Copy the entries that appear below in full, leaving out any picture among them.

[Records drawn from a dataset]
****
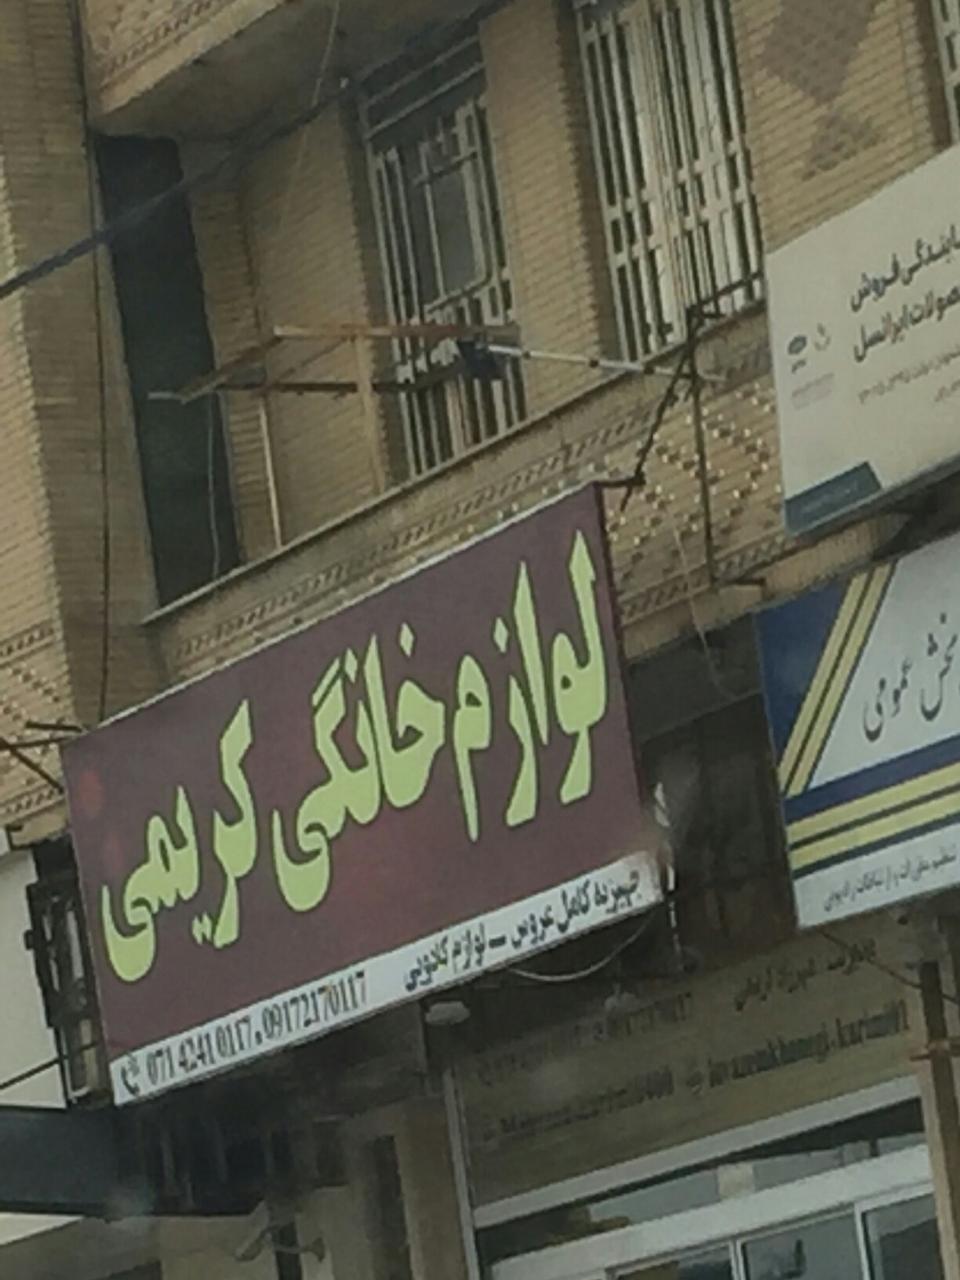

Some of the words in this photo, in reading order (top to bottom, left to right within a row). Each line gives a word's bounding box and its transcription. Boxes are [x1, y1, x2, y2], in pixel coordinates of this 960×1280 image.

[851, 253, 900, 313] فروش
[272, 622, 446, 912] خانگی
[452, 530, 607, 843] لوازم
[863, 656, 912, 743] عمومی
[101, 699, 258, 982] کریمی
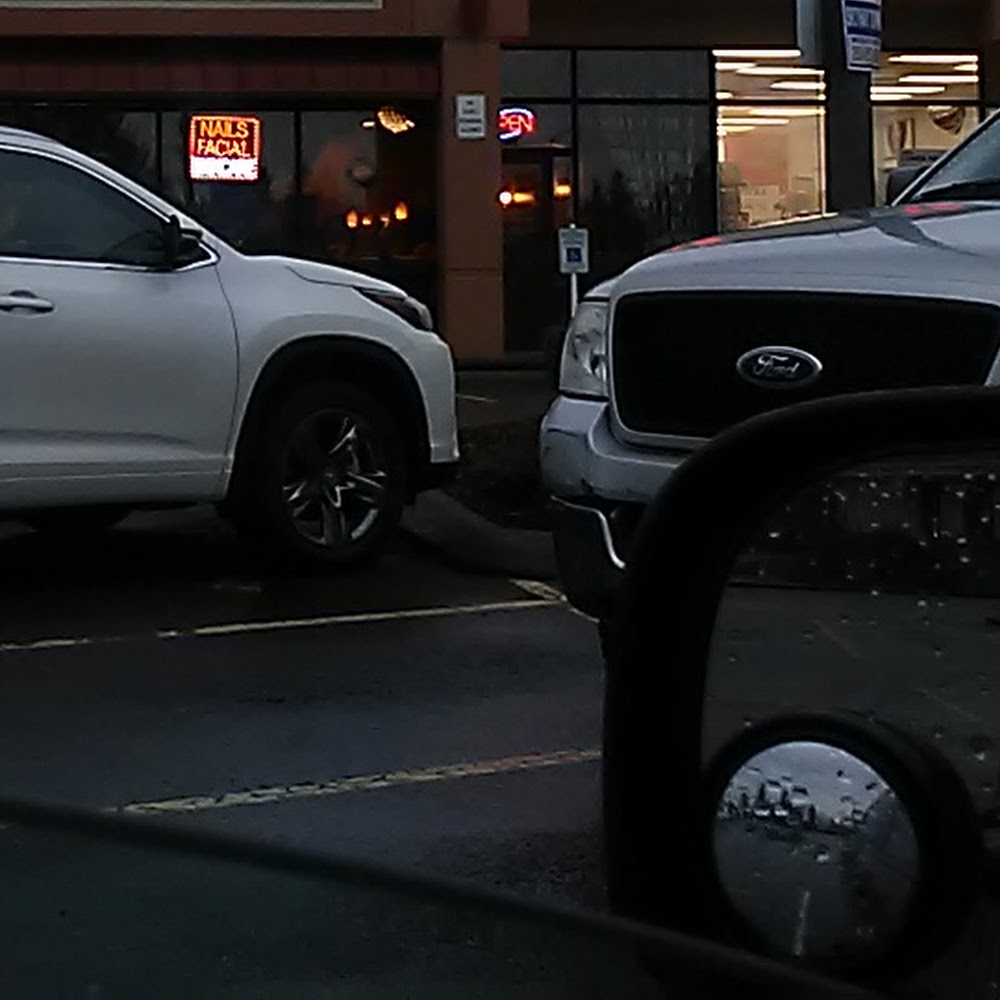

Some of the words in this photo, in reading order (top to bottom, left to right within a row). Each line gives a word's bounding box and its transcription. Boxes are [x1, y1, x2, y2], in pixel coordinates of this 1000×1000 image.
****
- Output of the task:
Some of the words in this photo, in reading order (top to bottom, left to right within a row). Each line gives a word's bounding box and its transcription. Boxes are [x1, y1, x2, y2], in pixel coordinates of this 960×1280 image.

[851, 253, 900, 313] فروش
[272, 622, 446, 912] خانگی
[452, 530, 607, 843] لوازم
[863, 656, 912, 743] عمومی
[101, 699, 258, 982] کریمی

Some of the words in this photo, in reading order (top to bottom, left to right within a row). Each line gives a word's bounding box and its transcription. Boxes are [x1, y1, x2, y2], in pixel coordinates of this 1000×1000 image.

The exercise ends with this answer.